Il bello di rendere gli incontri più sostenibili è che può facilmente andare di pari passo con il rendere l’astronomia più inclusiva“, spiega Gokus. “Utilizzando la tecnologia per connettersi virtualmente, possiamo promuovere un approccio collaborativo più inclusivo, che può aiutarci a far progredire ulteriormente la nostra comprensione dell’universo. È importante lavorare insieme come comunità per raggiungere questo obiettivo, perché non esiste un pianeta B“.

Limitare i viaggi aerei per ridurre il riscaldamento globale

Per ridurre a zero il contributo netto del settore aereo europeo al riscaldamento globale entro il 2050, i viaggi, specialmente quelli d’affari, dovranno essere limitati o ridotti, secondo un rapporto di una ONG pubblicato martedì. “Sarà cruciale ridurre o limitare la domanda dei passeggeri (per i viaggi aerei) perché i carburanti e gli aerei a zero emissioni non saranno pronti per la diffusione di massa fino al 2030”, dice Transport & Environment (T&E). L’ONG sta così aggiornando la sua “roadmap” per la decarbonizzazione dell’aviazione, pubblicata per la prima volta nel 2018, prima della crisi del Covid-19, che comprende gli impegni europei per “emissioni nette zero” entro la metà del secolo e per una consapevolezza ancora maggiore dell’emergenza climatica.

EMISSIONI ZERO Anche la principale organizzazione rappresentativa delle compagnie aeree del mondo, la Iata, punta alle “emissioni nette zero” entro il 2050, contando in particolare sui progressi tecnologici, compresi i carburanti sostenibili.
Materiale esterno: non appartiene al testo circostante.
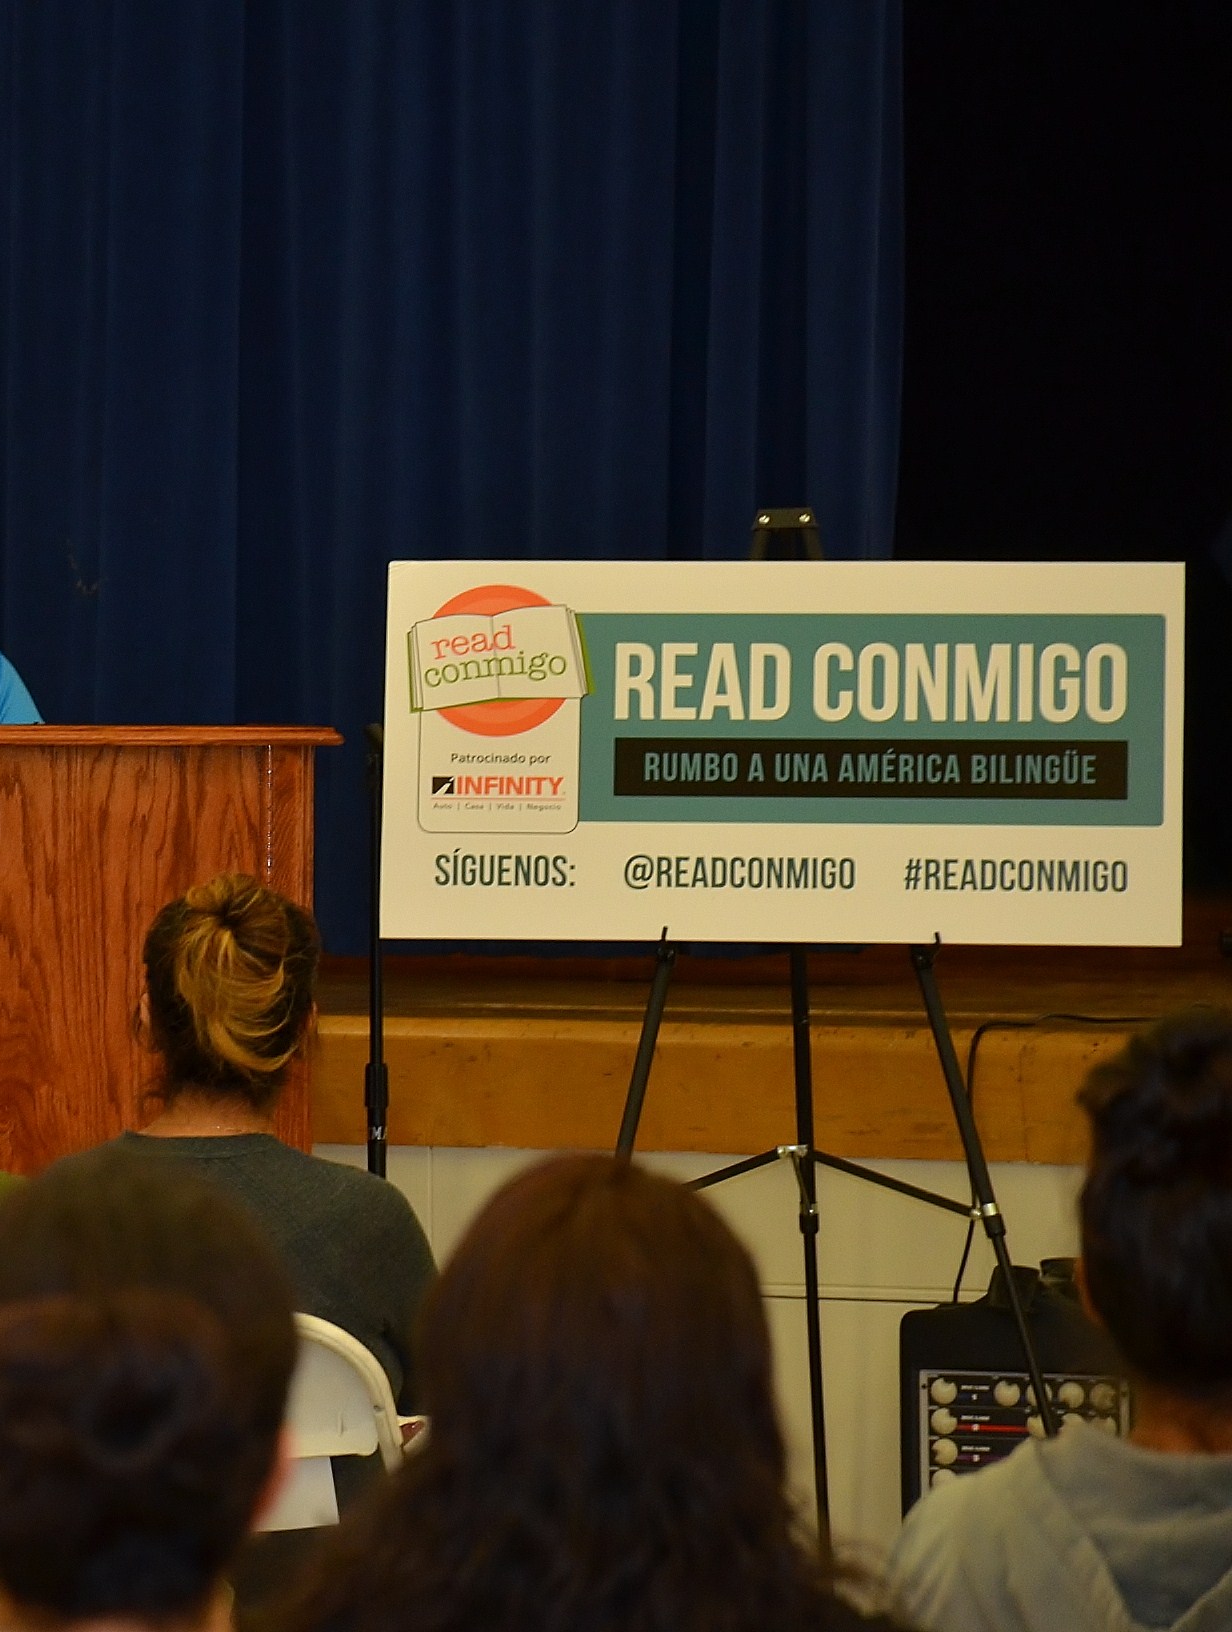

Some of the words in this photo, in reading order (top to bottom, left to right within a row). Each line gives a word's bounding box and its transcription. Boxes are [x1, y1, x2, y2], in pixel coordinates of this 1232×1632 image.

[431, 624, 516, 660] read
[425, 651, 567, 688] conmigo
[614, 641, 791, 721] READ
[813, 641, 1128, 725] CONMIGO
[451, 753, 526, 764] Patrocinado
[529, 754, 552, 766] por
[644, 752, 739, 783] RUMBO
[747, 751, 765, 782] A
[774, 752, 829, 783] UNA
[838, 748, 961, 784] AMÉRICA
[971, 748, 1097, 785] BILINGÜE
[457, 776, 564, 796] INFINITY
[433, 802, 452, 811] Auto
[465, 802, 484, 811] Casa
[496, 802, 514, 811] Vida
[526, 802, 562, 812] Negocio
[434, 848, 577, 888] SÍGUENOS:
[623, 854, 855, 890] @READCONMIGO
[904, 858, 1129, 893] #READCONMIGO
Ma la Iata non prevede una limitazione del traffico aereo, stimando che il settore trasporterà 10 miliardi di passeggeri all’anno nel mondo tra 28 anni, contro i 4,5 del 2019. Dopo la crisi che ridotto a un terzo il numero di passeggeri aerei in Europa nel 2020, “dobbiamo agire rapidamente per evitare un rapido aumento delle emissioni del trasporto aereo”, ha invitato T&E, ricordando che il traffico aereo è esploso dell’83% tra il 2005 e il 2019.
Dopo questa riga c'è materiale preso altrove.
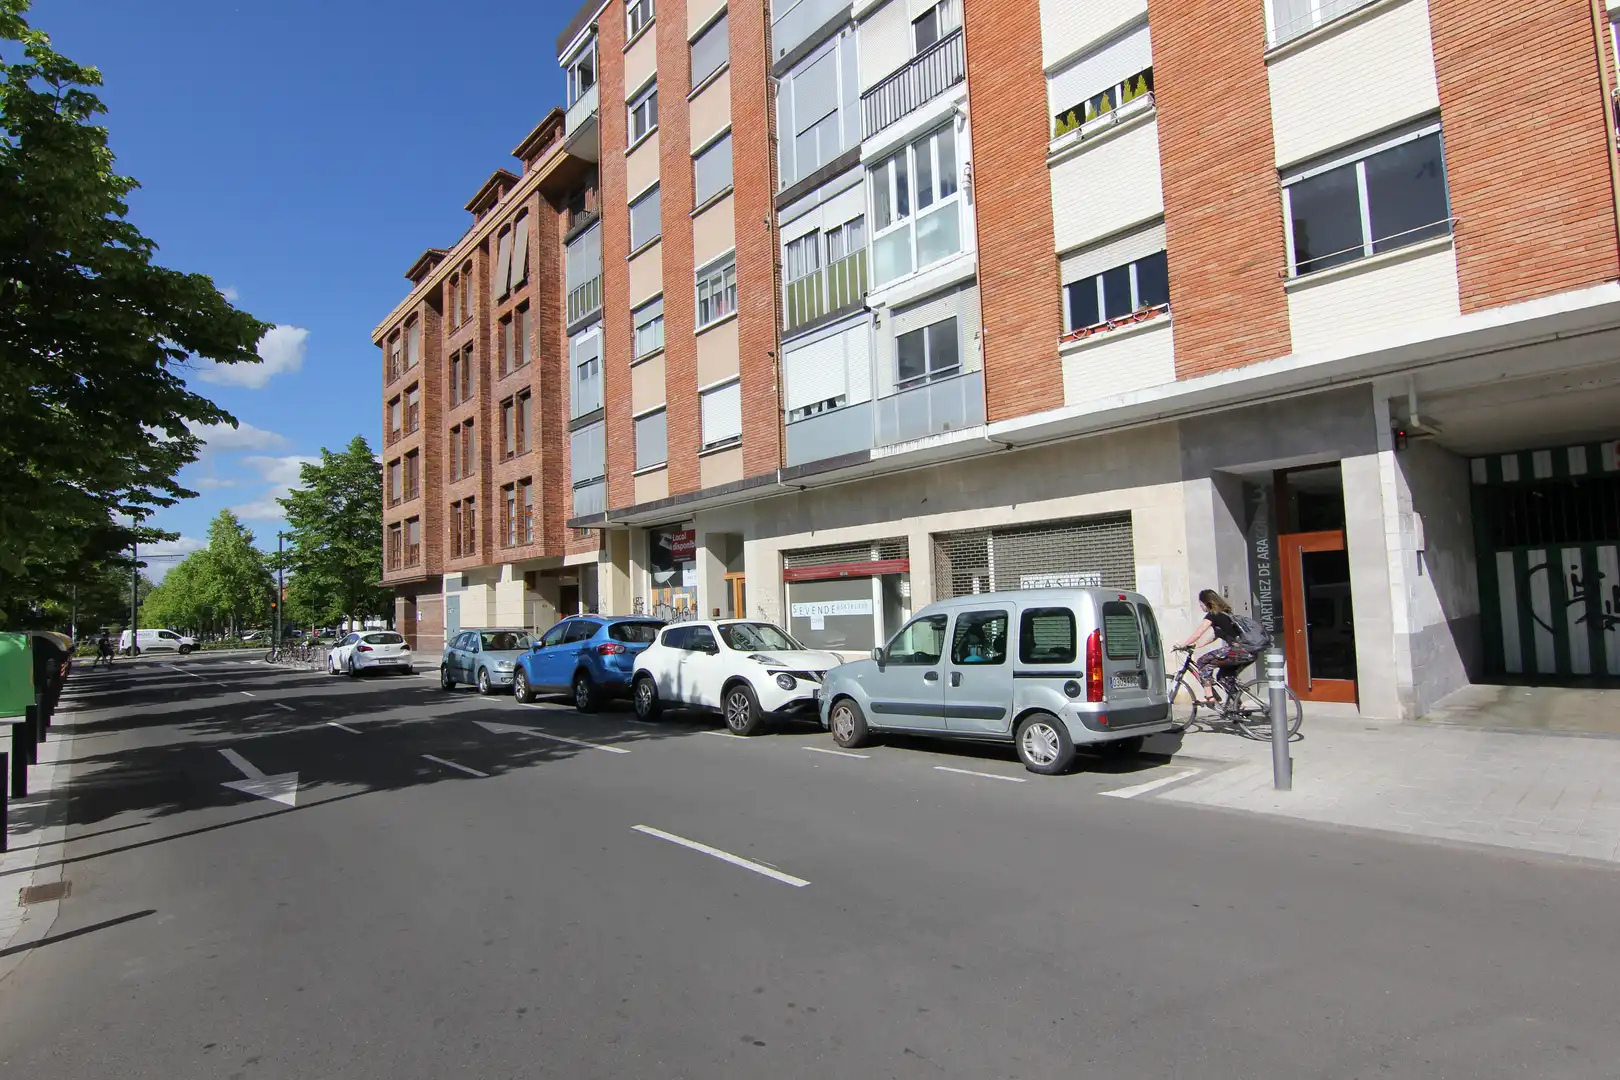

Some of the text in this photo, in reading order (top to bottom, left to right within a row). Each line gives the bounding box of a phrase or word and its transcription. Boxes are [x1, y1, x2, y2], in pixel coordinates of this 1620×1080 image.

[672, 531, 687, 542] Local
[1258, 562, 1270, 577] DE
[1259, 579, 1274, 632] MARTINEZ
LUNGO RAGGIO Per la ONG, questo comporterà “fermare lo sviluppo degli aeroporti in Europa (…) e dimezzare i viaggi d’affari rispetto ai livelli pre-Covid”, quando contribuivano a un terzo delle emissioni dell’aviazione, ha detto T&E. Un tale obiettivo sarebbe facilitato dalle abitudini sviluppate durante la crisi sanitaria, come la videoconferenza, ha spiegato la ONG, sostenendo anche la limitazione dei viaggi aerei di piacere, soprattutto a lungo raggio, ai livelli del 2019. Un modo per incoraggiare le persone a volare meno sarebbe quello di porre fine alle “scandalose esenzioni fiscali” di cui gode il settore, anche sulla paraffina, e di includere le rotte aeree non UE nel sistema europeo di scambio delle emissioni (ETS).